* _Problem details_
Transcribe all of the data exactly. Images stay out.

* _Excerpted records_

Start of Block

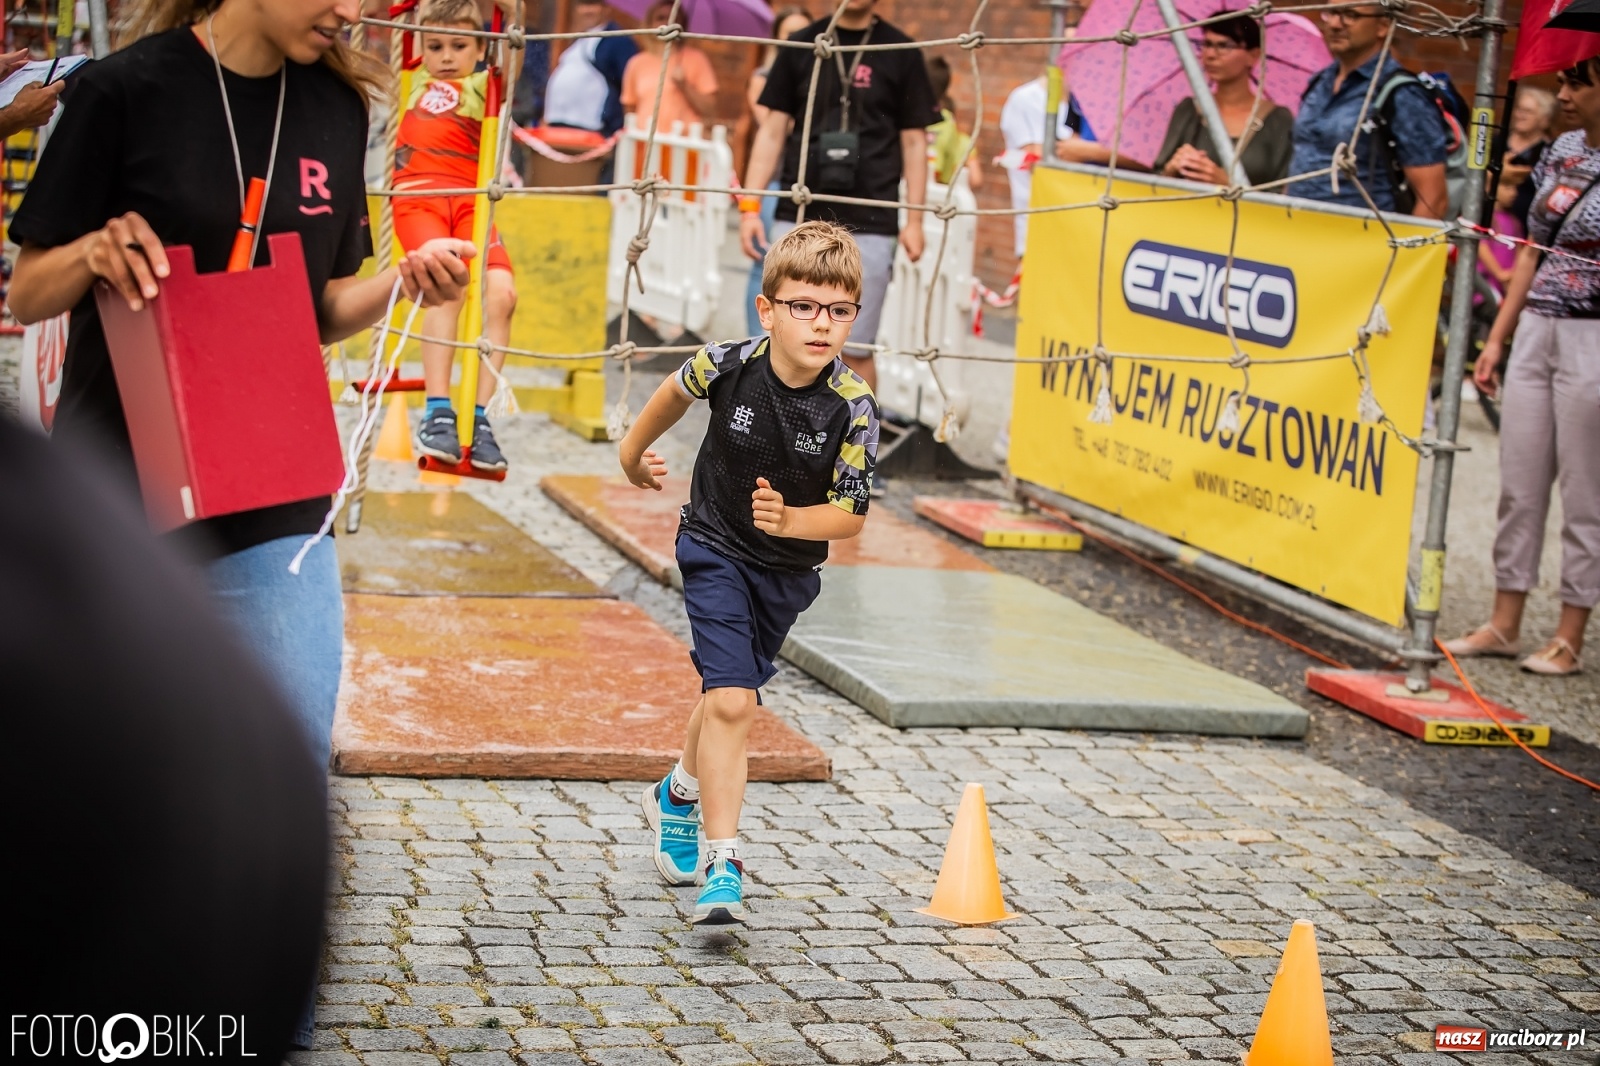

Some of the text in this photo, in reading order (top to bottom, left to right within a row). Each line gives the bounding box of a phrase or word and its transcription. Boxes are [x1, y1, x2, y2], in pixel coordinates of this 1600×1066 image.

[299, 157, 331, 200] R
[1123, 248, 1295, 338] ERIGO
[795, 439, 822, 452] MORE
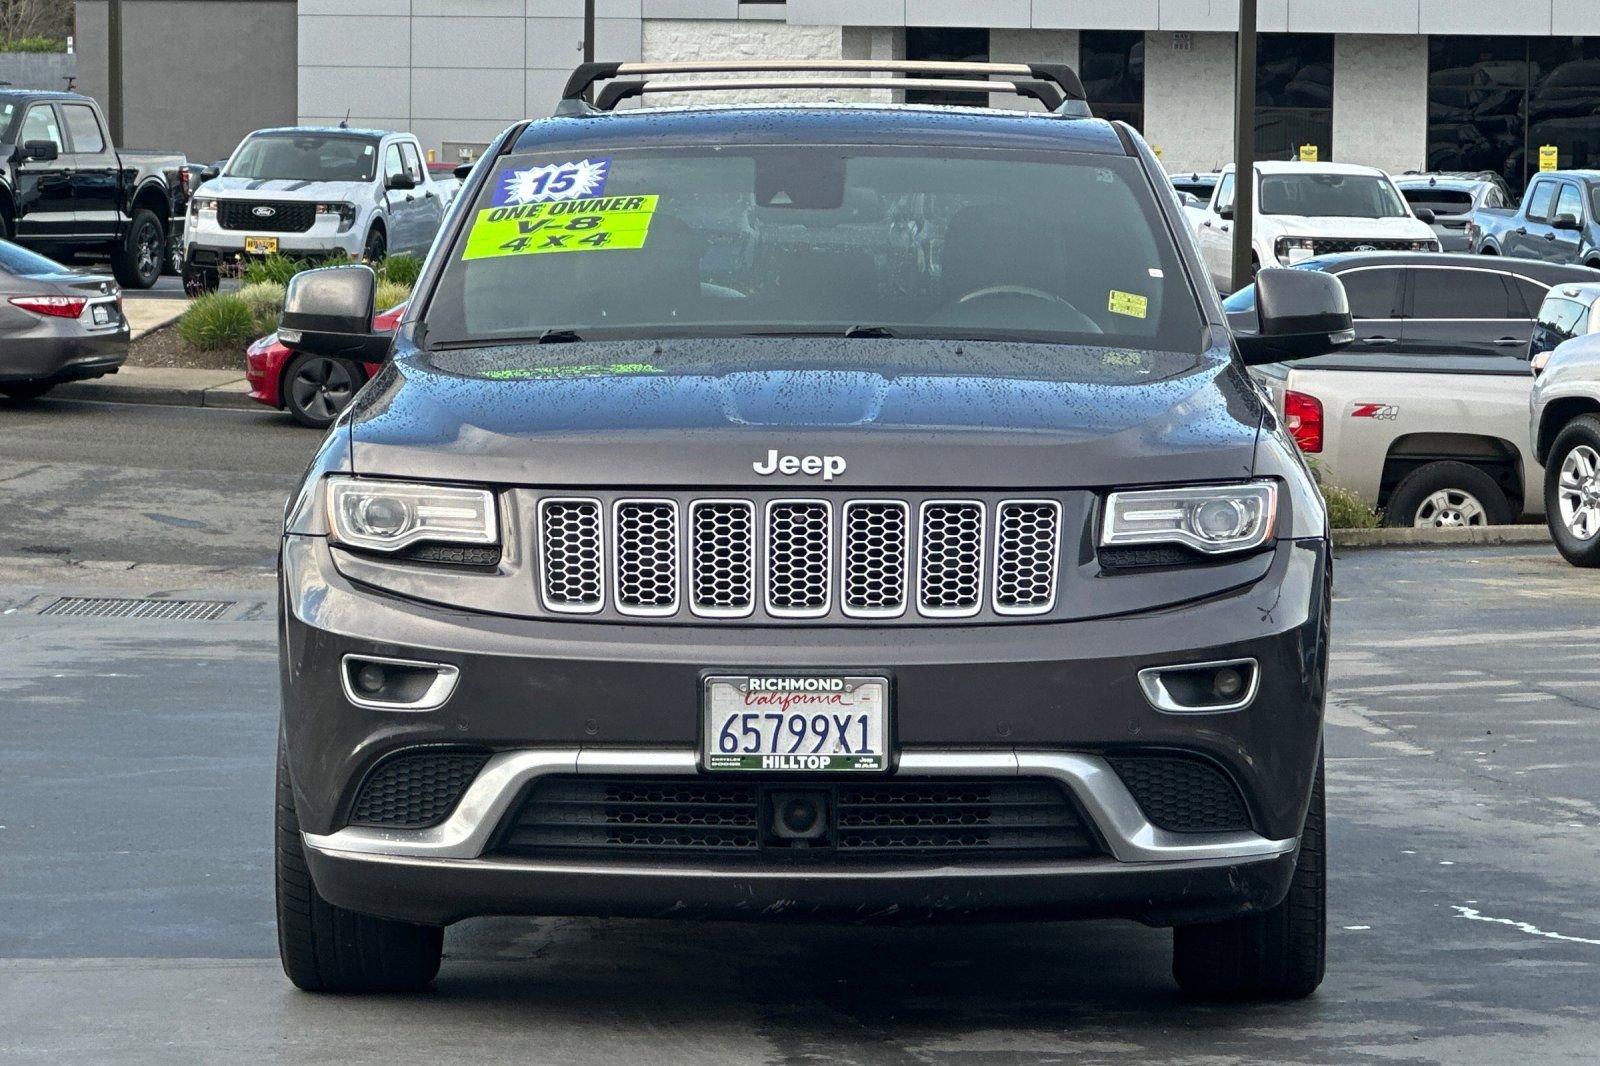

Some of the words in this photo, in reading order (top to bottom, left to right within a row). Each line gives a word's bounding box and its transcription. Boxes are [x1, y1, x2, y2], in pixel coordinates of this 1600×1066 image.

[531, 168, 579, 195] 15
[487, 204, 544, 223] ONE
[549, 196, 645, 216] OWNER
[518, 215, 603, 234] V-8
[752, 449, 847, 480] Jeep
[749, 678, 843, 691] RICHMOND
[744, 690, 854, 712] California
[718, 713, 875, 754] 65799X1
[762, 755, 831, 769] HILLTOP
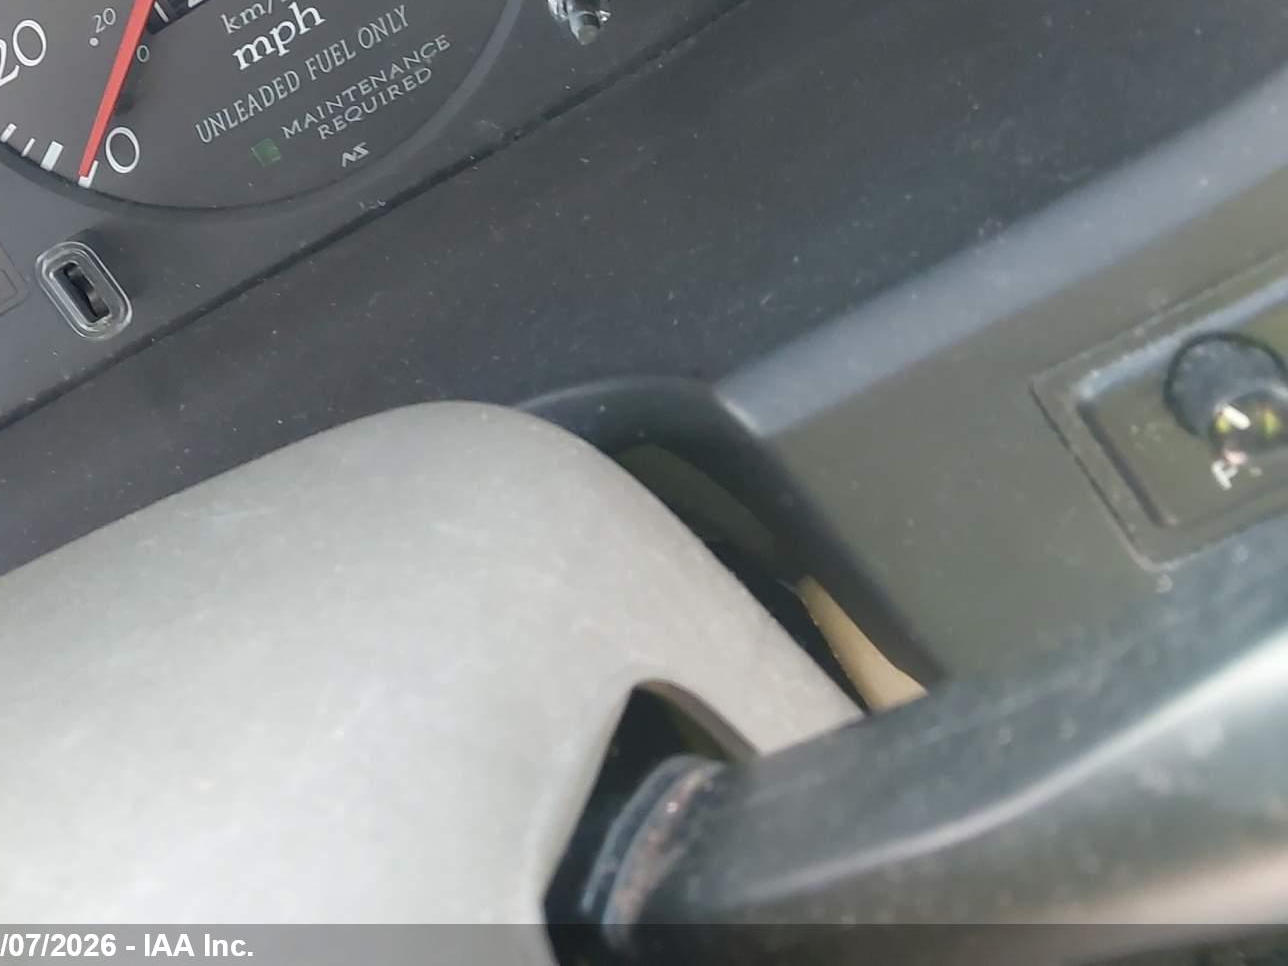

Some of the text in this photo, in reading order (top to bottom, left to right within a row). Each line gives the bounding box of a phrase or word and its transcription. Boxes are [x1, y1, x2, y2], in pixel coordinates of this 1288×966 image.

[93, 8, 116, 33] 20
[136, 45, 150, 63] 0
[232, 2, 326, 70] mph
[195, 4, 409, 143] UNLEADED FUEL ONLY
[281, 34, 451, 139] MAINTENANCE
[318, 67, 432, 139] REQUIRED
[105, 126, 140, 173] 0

End of Block

* _Response to the task_
Some of the text in this photo, in reading order (top to bottom, left to right within a row). Each line gives the bounding box of a phrase or word and its transcription. Boxes are [x1, y1, x2, y2], in pixel coordinates of this 1600×1066 image.

[299, 157, 331, 200] R
[1123, 248, 1295, 338] ERIGO
[795, 439, 822, 452] MORE

Some of the words in this photo, in reading order (top to bottom, left to right within a row). Each line gives a word's bounding box and its transcription. Boxes are [x1, y1, x2, y2], in pixel coordinates of this 1600×1066 image.

[531, 168, 579, 195] 15
[487, 204, 544, 223] ONE
[549, 196, 645, 216] OWNER
[518, 215, 603, 234] V-8
[752, 449, 847, 480] Jeep
[749, 678, 843, 691] RICHMOND
[744, 690, 854, 712] California
[718, 713, 875, 754] 65799X1
[762, 755, 831, 769] HILLTOP

Some of the text in this photo, in reading order (top to bottom, left to right within a row). Each line gives the bounding box of a phrase or word and its transcription. Boxes are [x1, y1, x2, y2], in pixel coordinates of this 1288×966 image.

[93, 8, 116, 33] 20
[136, 45, 150, 63] 0
[232, 2, 326, 70] mph
[195, 4, 409, 143] UNLEADED FUEL ONLY
[281, 34, 451, 139] MAINTENANCE
[318, 67, 432, 139] REQUIRED
[105, 126, 140, 173] 0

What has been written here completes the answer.